Phrase grounding data
========

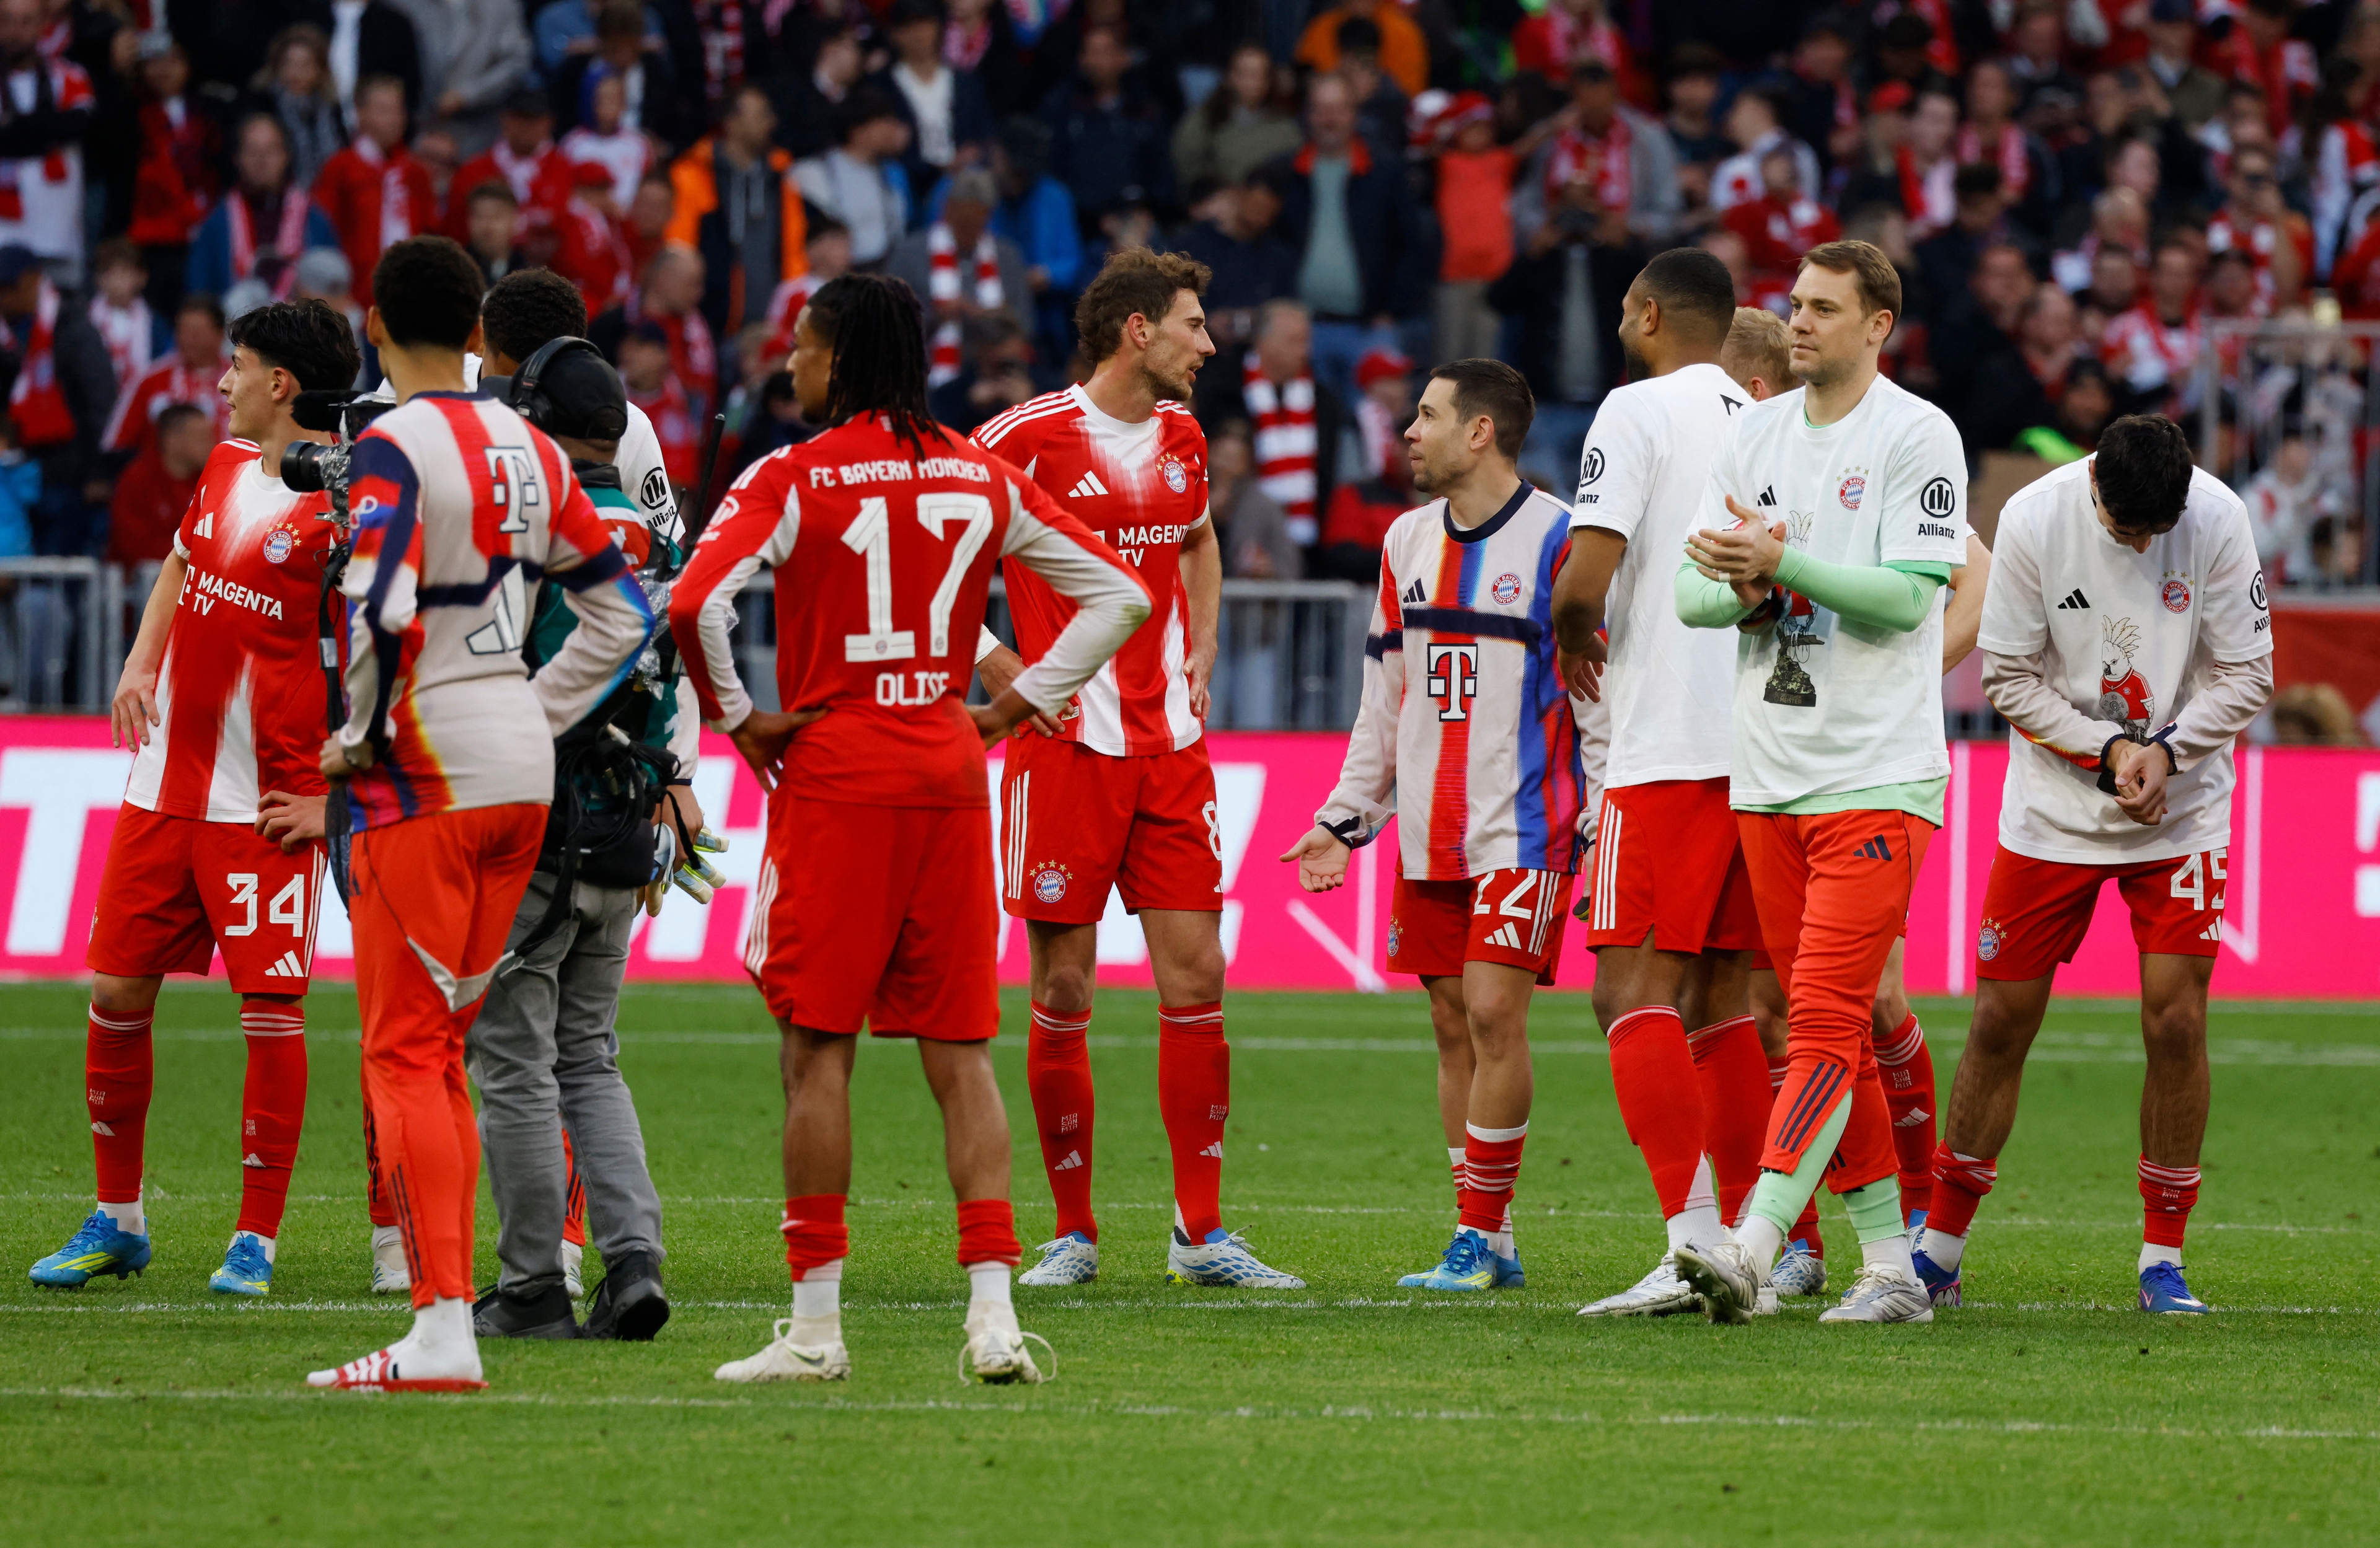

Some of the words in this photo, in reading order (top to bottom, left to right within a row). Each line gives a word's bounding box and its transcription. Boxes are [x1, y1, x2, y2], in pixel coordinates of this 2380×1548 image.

[809, 467, 836, 489] FC
[839, 459, 913, 485] BAYERN
[916, 457, 990, 483] MÜNCHEN
[1842, 481, 1849, 491] FC
[1849, 479, 1866, 489] BAYER
[278, 534, 291, 549] BAYERN
[1118, 524, 1189, 547] MAGENT
[1918, 524, 1955, 540] Allianz
[1118, 548, 1144, 567] TV
[840, 493, 994, 662] 17
[1502, 575, 1520, 588] BAYERN
[198, 571, 283, 621] MAGENTA
[2164, 586, 2171, 595] FC
[193, 592, 215, 616] TV
[876, 671, 950, 706] OLISE
[1427, 643, 1478, 722] T
[1202, 801, 1222, 861] 8
[1038, 876, 1044, 884] FC
[1044, 873, 1064, 886] BAYERN
[2171, 848, 2228, 911] 45
[225, 873, 304, 937] 34
[1473, 868, 1532, 920] 22
[1061, 1113, 1078, 1122] MIA
[1061, 1124, 1078, 1133] MIA

========

#### Brief:
Retype the data above verbatim, minus images.

#### Worked solution:
Some of the words in this photo, in reading order (top to bottom, left to right within a row). Each line gives a word's bounding box and its transcription. Boxes are [x1, y1, x2, y2], in pixel coordinates of this 2380×1548 image.

[809, 467, 836, 489] FC
[839, 459, 913, 485] BAYERN
[916, 457, 990, 483] MÜNCHEN
[1842, 481, 1849, 491] FC
[1849, 479, 1866, 489] BAYER
[278, 534, 291, 549] BAYERN
[1118, 524, 1189, 547] MAGENT
[1918, 524, 1955, 540] Allianz
[1118, 548, 1144, 567] TV
[840, 493, 994, 662] 17
[1502, 575, 1520, 588] BAYERN
[198, 571, 283, 621] MAGENTA
[2164, 586, 2171, 595] FC
[193, 592, 215, 616] TV
[876, 671, 950, 706] OLISE
[1427, 643, 1478, 722] T
[1202, 801, 1222, 861] 8
[1038, 876, 1044, 884] FC
[1044, 873, 1064, 886] BAYERN
[2171, 848, 2228, 911] 45
[225, 873, 304, 937] 34
[1473, 868, 1532, 920] 22
[1061, 1113, 1078, 1122] MIA
[1061, 1124, 1078, 1133] MIA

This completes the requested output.